Beard ne s’est jamais départi de son amour pour la faune Africaine, malgré ses nombreux déboires de traqueur et de chasseur. En 1996, un éléphant en furie le charge, lui brisant le pelvis et les côtes, transperçant sa cuisse de ses défenses. Quelques mois plus tard, il expose un collage de photos d’éléphants avec les tubes de morphine qui lui ont sauvé la vie.
Plus jeune encore, il traque un braconnier sur les terres de son campement Kenyan, libère une antilope de son piège à machoire et y jette le braconnier ; pour cela, il échappera de peu, grâce à ses relations, à une peine de dix-huit mois et 12 coups de canne.
La vie de Peter Beard se lit comme un who’s-who de son siècle - partagée entre l’Afrique sauvage et les mondanités occidentales, elle le conduira à tisser des amitiés profondes avec des artistes, des écrivains, et des personnalités flamboyantes.
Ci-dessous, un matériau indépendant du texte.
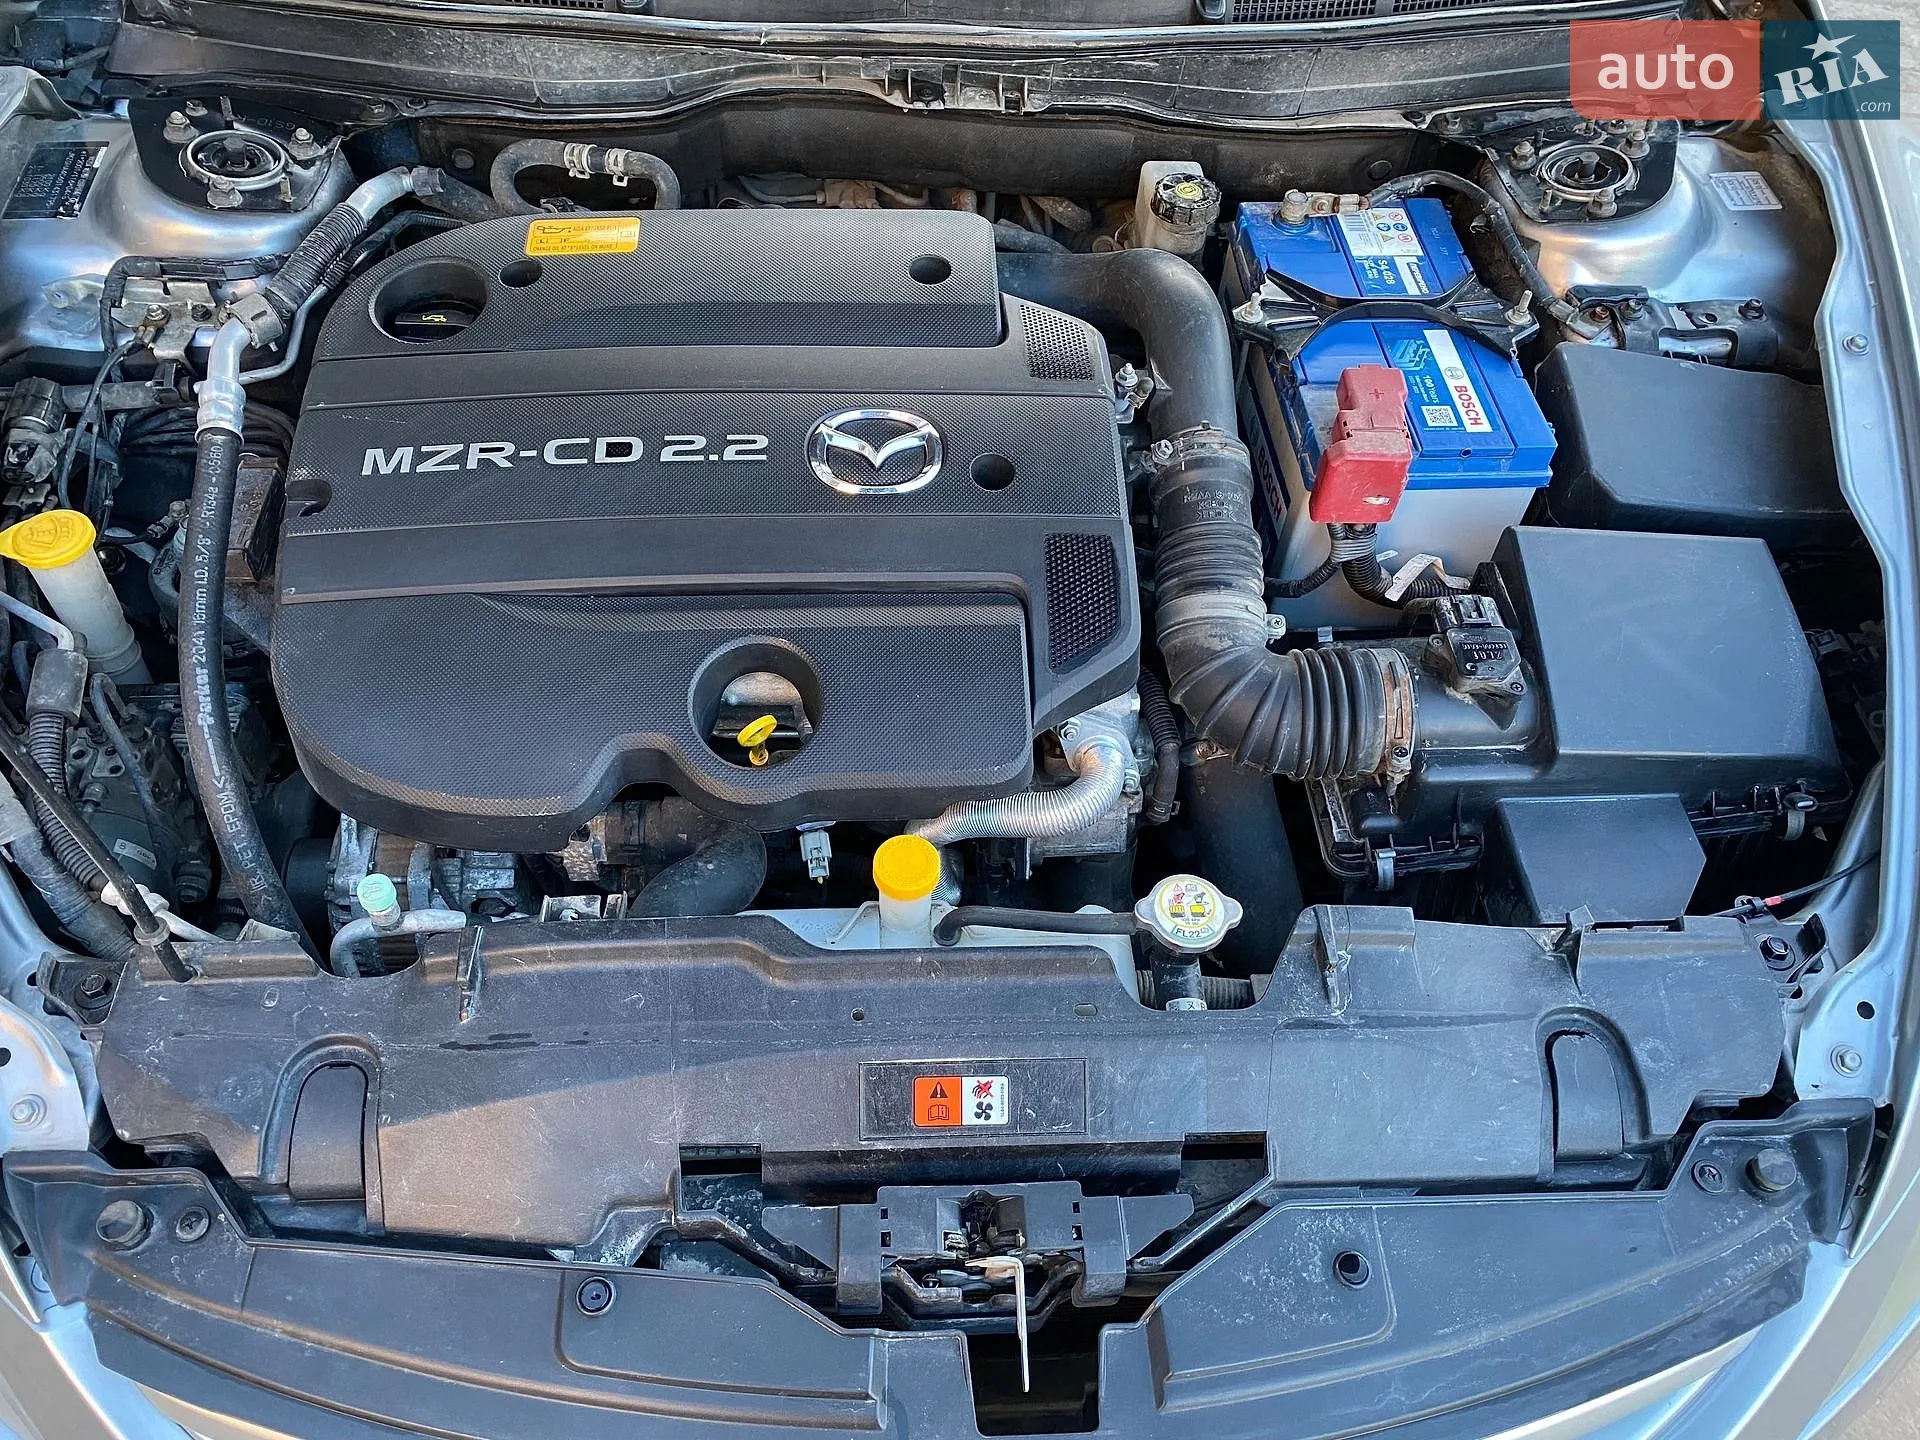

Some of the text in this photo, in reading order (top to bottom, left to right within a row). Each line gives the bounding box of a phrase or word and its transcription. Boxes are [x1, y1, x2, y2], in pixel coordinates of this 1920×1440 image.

Il photographie une tournée des Rolling Stones pour un reportage avec Truman Capote, passe ses vacances sur le bateau d’Aristote Onassis avec Jackie O. Kennedy, construit des collages avec Andy Warhol ; Salvador Dali se prend d’affection pour lui, persuadé que Beard est véritablement son frère décédé. Ses photos montrent l’informalité de son rapport à ses modèles - la première oeuvre du photographe mise en vente par PIASA, “Cousin Jérôme Hill et Brigitte Bardot à la Batterie, Cassis” représente BB au naturel, en vacances ; elle sera l’une des nombreuses muses de Beard tout au long de sa vie.
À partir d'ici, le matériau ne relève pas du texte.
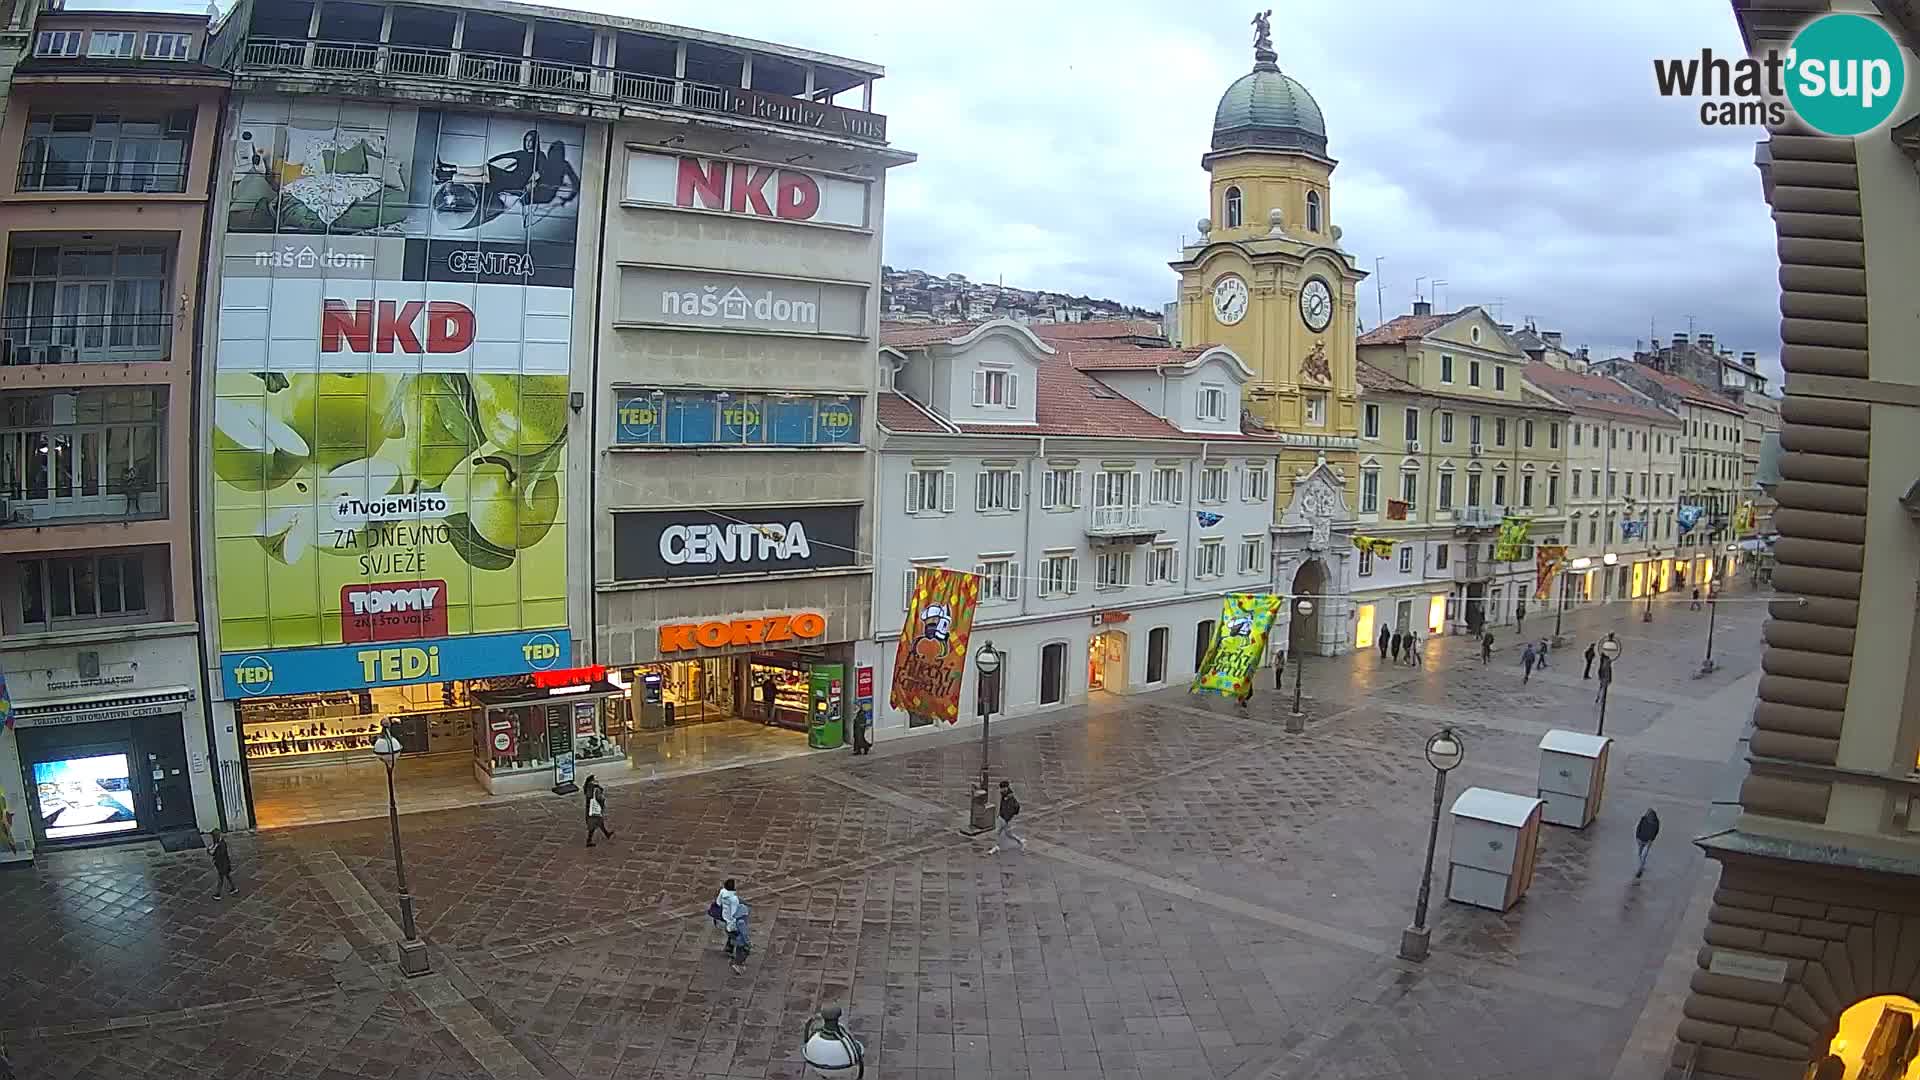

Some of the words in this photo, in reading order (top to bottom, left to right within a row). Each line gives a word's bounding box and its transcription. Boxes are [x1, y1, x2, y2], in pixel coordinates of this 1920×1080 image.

Lot 70 - Peter Beard (né en 1938)
Cousin Jérôme Hill et Brigitte Bardot à la Batterie, Cassis, 1959-2008
L’une des influences les plus remarquables du photographe fut l’artiste Francis Bacon, qu’il rencontra à Londres. Fasciné par l’ouvrage ‘The End of the Game’, il laissa Beard photographier ses tableaux inachevés, les polaroïds lui procurant un oeil nouveau sur chaque oeuvre.
Bacon peignit plusieurs portraits de Peter Beard entre 1975 et 1978 ; l’un d’entre eux représente Beard le crâne rasé, fraîchement libéré de la prison de Nairobi ; d’autres sont des triptyques ou des portraits seuls. Parmi eux, l’étude reproduite aux côtés d’une photographie d’un morane Masai dans le lot 71 de la vente.
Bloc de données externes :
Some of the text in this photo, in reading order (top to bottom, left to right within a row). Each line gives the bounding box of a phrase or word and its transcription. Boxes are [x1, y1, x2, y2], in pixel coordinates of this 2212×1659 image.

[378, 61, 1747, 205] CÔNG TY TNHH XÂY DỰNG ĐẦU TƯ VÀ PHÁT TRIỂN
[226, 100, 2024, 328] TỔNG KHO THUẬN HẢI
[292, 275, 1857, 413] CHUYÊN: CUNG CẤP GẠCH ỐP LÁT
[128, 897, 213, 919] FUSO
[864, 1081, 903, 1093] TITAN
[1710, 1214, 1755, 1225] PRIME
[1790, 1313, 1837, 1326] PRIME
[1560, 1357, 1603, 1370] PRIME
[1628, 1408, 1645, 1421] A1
Lot 71 - Peter Beard (né en 1938)
Portrait de Peter Beard par Francis Bacon
Cette oeuvre évoque admirablement la vie de Beard, partagée entre sa passion pour l’art et les artistes tels que Bacon et celle qu’il porte au continent africain ; la vie d’un homme plus grand que nature, dont les récits sont dignes de la plume de Kessel, de Hemingway ou de Gary.